_The problem:_ Make an exact copy of the records, dropping all pictures.

_Material provided:_
--

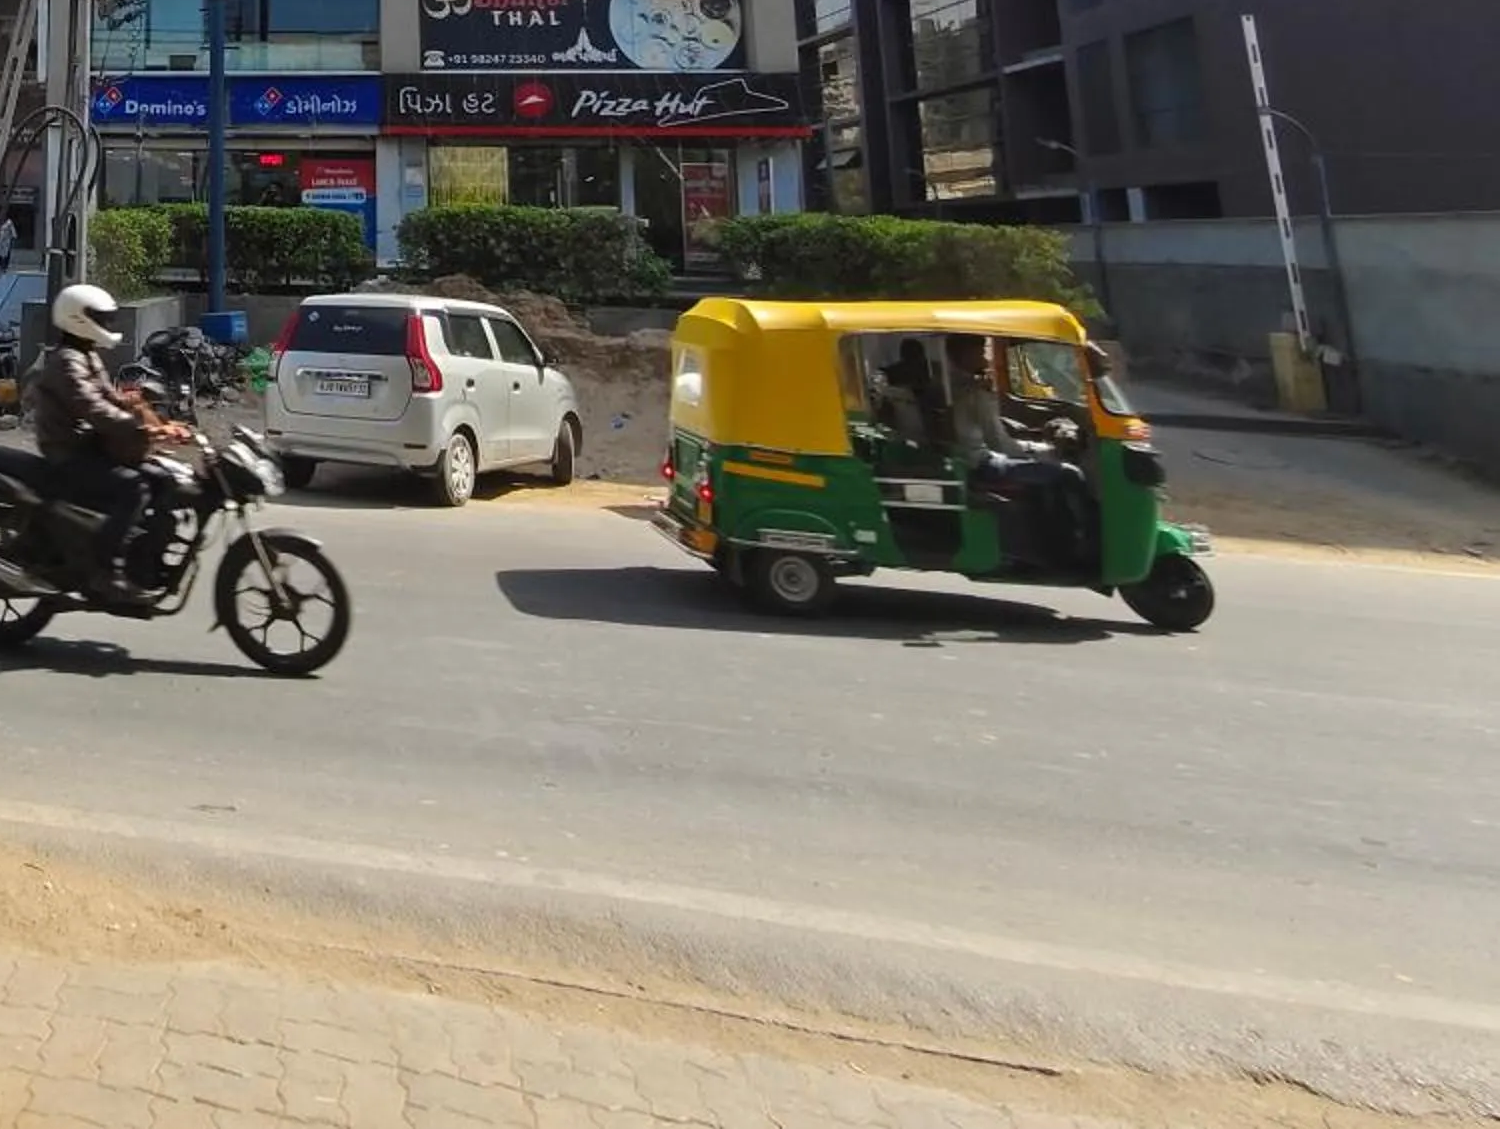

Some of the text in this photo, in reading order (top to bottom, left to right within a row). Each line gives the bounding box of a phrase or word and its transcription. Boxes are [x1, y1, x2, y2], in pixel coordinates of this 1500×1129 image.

[491, 10, 562, 27] THAL
[125, 100, 206, 116] Domino's
[571, 91, 653, 118] Pizza
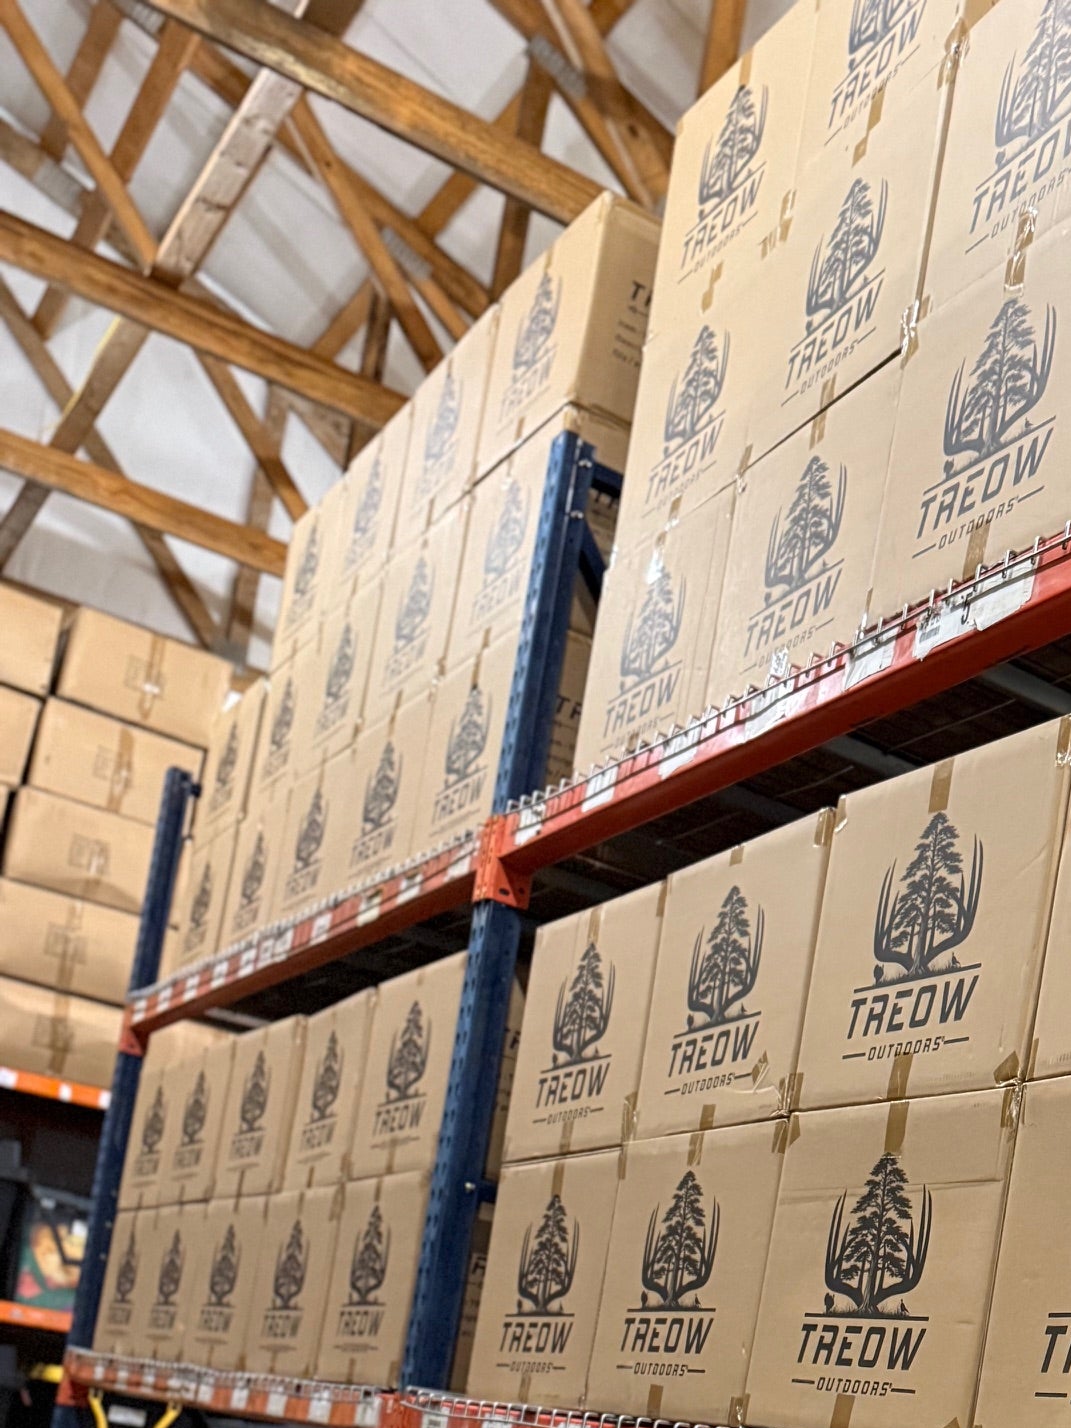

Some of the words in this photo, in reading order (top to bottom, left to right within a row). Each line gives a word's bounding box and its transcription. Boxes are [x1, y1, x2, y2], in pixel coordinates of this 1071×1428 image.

[786, 278, 883, 389] TREOW
[916, 428, 1053, 539] TREOW
[743, 568, 841, 657] TREOW
[847, 975, 979, 1039] TREOW
[668, 1021, 759, 1077] TREOW
[868, 1035, 942, 1061] OUTDOORS
[536, 1063, 610, 1109] TREOW
[500, 1322, 573, 1354] TREOW
[620, 1317, 714, 1354] TREOW
[797, 1323, 926, 1370] TREOW
[634, 1361, 687, 1377] OUTDOORS
[816, 1377, 890, 1396] OUTDOORS
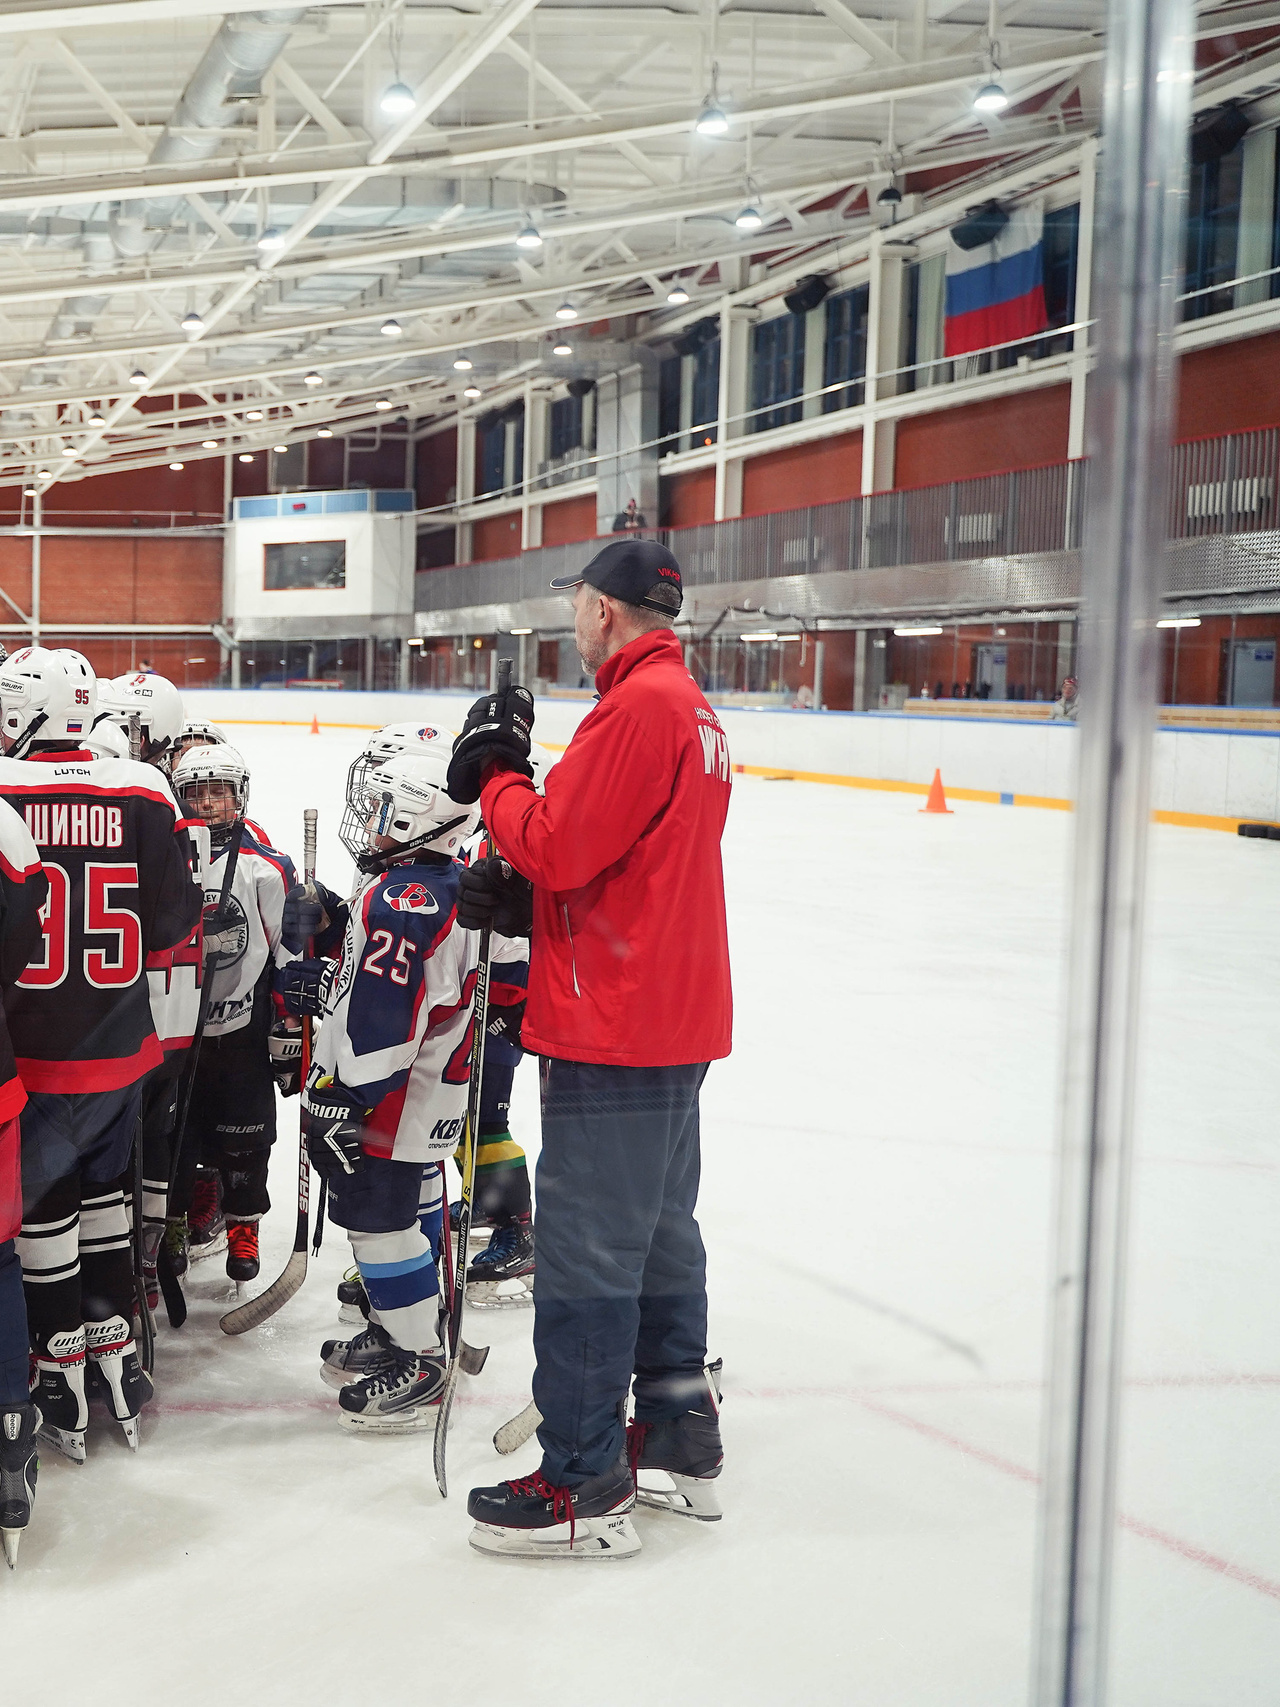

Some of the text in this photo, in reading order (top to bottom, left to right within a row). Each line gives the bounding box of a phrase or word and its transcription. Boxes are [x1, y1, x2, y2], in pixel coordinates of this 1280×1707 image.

[0, 681, 23, 691] BAUER
[74, 688, 90, 705] 95
[54, 768, 91, 777] LUTCH
[400, 782, 429, 799] BAUER
[362, 928, 418, 987] 25
[474, 962, 487, 1021] BAUER
[215, 1123, 265, 1135] BAUER

--

_The answer:_
Some of the text in this photo, in reading order (top to bottom, left to right within a row). Each line gives the bounding box of a phrase or word and its transcription. Boxes are [x1, y1, x2, y2], in pixel coordinates of this 1500×1129 image.

[491, 10, 562, 27] THAL
[125, 100, 206, 116] Domino's
[571, 91, 653, 118] Pizza

Some of the words in this photo, in reading order (top to bottom, left to right within a row). Each line gives a word's bounding box and its transcription. Boxes are [x1, y1, x2, y2], in pixel coordinates of this 1071×1428 image.

[786, 278, 883, 389] TREOW
[916, 428, 1053, 539] TREOW
[743, 568, 841, 657] TREOW
[847, 975, 979, 1039] TREOW
[668, 1021, 759, 1077] TREOW
[868, 1035, 942, 1061] OUTDOORS
[536, 1063, 610, 1109] TREOW
[500, 1322, 573, 1354] TREOW
[620, 1317, 714, 1354] TREOW
[797, 1323, 926, 1370] TREOW
[634, 1361, 687, 1377] OUTDOORS
[816, 1377, 890, 1396] OUTDOORS

Some of the text in this photo, in reading order (top to bottom, left to right within a row). Each line gives the bounding box of a phrase or word and its transcription. Boxes are [x1, y1, x2, y2], in pixel coordinates of this 1280×1707 image.

[0, 681, 23, 691] BAUER
[74, 688, 90, 705] 95
[54, 768, 91, 777] LUTCH
[400, 782, 429, 799] BAUER
[362, 928, 418, 987] 25
[474, 962, 487, 1021] BAUER
[215, 1123, 265, 1135] BAUER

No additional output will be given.